Similar to cystography, this procedure mainly involves the urinary tract, and the gonads are not directly in the path of the X-ray beam.

- Hip including upper femur:

This examination requires X-rays to be directed towards the hip joint, which unfortunately passes through the gonads, resulting in a higher radiation dose compared to other options.

Therefore, considering the direct exposure of gonads to the X-ray beam during hip examinations, option D is the most likely answer.

Actual Radiation Dose:

However, it's important to note that the actual radiation dose received during any medical procedure depends on various factors, such as:

- Technique used:

Different imaging techniques like digital X-rays or CT scans have varying radiation doses.

- Collimation:

Proper collimation of the X-ray beam to the area of interest can significantly reduce unnecessary exposure to other organs.

- Patient factors:

Age, body size, and previous radiation exposure can influence the individual's radiation sensitivity.

Therefore, while hip examinations generally involve higher gonad doses, it's crucial to consult with a healthcare professional for an accurate assessment of potential radiation exposure and the benefits versus risks of any specific procedure.

Remember, radiation safety is a priority in medical imaging, and healthcare professionals strive to minimize patient exposure while ensuring diagnostic accuracy.

the effective energy of the x-ray beam is increased by increasing the:

1. added filtration
2. kilovoltage
3. milliamperage

A. 1 only
B. 3 only
C. 1 and 2 only
D. 1,2 and 3

The correct answer is C. 1 and 2 only. Here's why:

- Added filtration:

Adding filtration to the X-ray beam actually decreases the effective energy of the beam by selectively removing lower-energy photons. It filters out softer X-rays, leaving behind harder, higher-energy X-rays. Therefore, option 1 is incorrect.

- Kilovoltage (kV):

Increasing the kV directly increases the potential difference across the X-ray tube, which results in the generation of X-rays with higher energies. Thus, option 2 is correct.

- Milliamperage (mA):

Milliamperage controls the tube current, which affects the intensity of the X-ray beam but not its energy. Hence, increasing mA does not increase the effective energy, making option 3 incorrect.

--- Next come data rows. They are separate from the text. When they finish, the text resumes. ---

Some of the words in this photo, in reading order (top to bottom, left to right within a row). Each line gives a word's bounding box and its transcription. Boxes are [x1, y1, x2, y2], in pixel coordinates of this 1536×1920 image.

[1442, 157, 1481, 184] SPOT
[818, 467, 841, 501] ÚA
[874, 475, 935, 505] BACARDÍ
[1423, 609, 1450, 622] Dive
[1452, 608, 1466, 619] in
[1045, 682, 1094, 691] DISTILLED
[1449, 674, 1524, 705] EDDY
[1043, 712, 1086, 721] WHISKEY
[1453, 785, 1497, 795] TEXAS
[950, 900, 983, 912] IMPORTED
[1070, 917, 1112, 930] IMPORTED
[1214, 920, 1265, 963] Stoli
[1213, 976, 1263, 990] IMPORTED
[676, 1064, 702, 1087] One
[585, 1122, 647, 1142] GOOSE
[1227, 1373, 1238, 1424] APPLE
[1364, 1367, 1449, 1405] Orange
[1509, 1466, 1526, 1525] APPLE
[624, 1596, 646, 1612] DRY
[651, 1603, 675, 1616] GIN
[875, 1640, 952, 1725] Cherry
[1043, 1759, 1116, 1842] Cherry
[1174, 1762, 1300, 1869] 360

Therefore, only increasing the kV (option 2) and not adding filtration (option 1) effectively increases the energy of the X-ray beam. So, the correct answer is C. 1 and 2 only.

The blood pressure:

A- Increase in old age
B- Increase more in female
C- Decrease with age
D- Increase in the end of the day
E- All are wrong.

The correct answer is D. Increase in the end of the day.

While the other options have some truth to them, they are not universally accurate. Here's a breakdown of each option:

A. Increase in old age:

This is generally true. Blood pressure tends to increase with age due to factors like stiffening arteries and reduced elasticity in the cardiovascular system. However, it's important to note that not everyone experiences this, and individual differences in lifestyle and health can significantly impact blood pressure.

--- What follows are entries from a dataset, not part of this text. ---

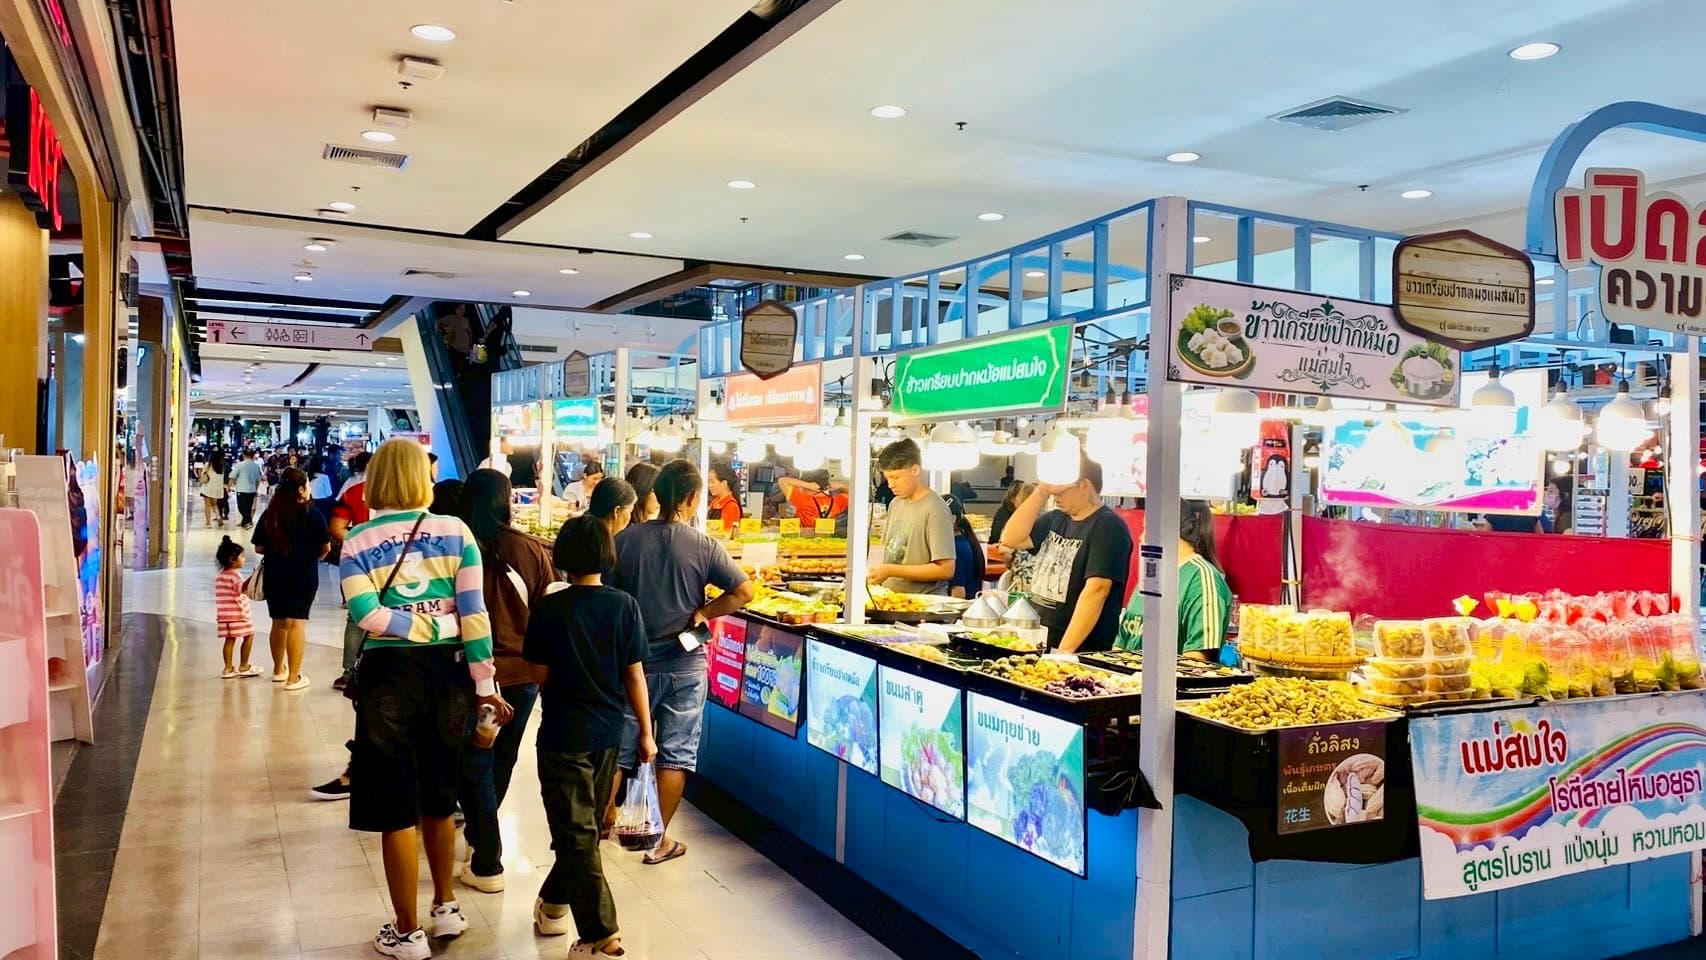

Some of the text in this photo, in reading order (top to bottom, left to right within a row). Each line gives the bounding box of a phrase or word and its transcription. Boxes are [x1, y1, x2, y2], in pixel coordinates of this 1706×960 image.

[1563, 174, 1706, 267] เปิด
[212, 329, 220, 342] 1
[1298, 350, 1351, 376] แม่สมใจ
[885, 680, 924, 714] ขนมสาคู
[977, 711, 1041, 747] ขนมกุยช่าย
[1308, 731, 1360, 754] ถั่วลิสง
[1461, 720, 1567, 774] แม่สมใจ
[1285, 807, 1311, 824] 花生
[1462, 846, 1551, 891] สูตรโบราน
[1632, 821, 1705, 852] หวานหอม

B. Increase more in female:

This is not entirely accurate. While some studies suggest women may experience a slightly higher increase in blood pressure after menopause, overall, the difference between genders is not significant. Individual health factors and genetics likely play a bigger role in blood pressure variations than gender alone.

C. Decrease with age:

This is incorrect. As mentioned earlier, blood pressure typically increases with age.

D. Increase in the end of the day:

This is correct. It's a natural phenomenon known as diurnal variation, where blood pressure naturally rises throughout the day, peaking in the late afternoon or early evening, and then dips again during sleep. This pattern is linked to our body's circadian rhythm and hormonal changes.

E. All are wrong:

This is incorrect, as option D is accurate about blood pressure fluctuations throughout the day.

Therefore, while some changes in blood pressure are expected with age and other factors, it's important to remember that individual health plays a crucial role. Monitoring your blood pressure regularly, maintaining a healthy lifestyle, and consulting a healthcare professional if you have any concerns are essential for managing this vital health indicator.

if a patient received 2000 mrad during a 10 min fluoroscopic examination what was the dose rate?

A- 0.2 rad / min
B- 2.0 rad / min
C- 5 rad / min
D- 200 rad / min

The correct answer is A. 0.2 rad/min.

Here's how we can determine the dose rate:

- Convert mrad to rad:

We need to convert the given dose from millirads (mrad) to rads because options A-D are in rads per minute. There are 10 rads in 1 mrad. Therefore, 2000 mrad is equal to 2000 mrad * (10 rad/mrad) = 200 rad.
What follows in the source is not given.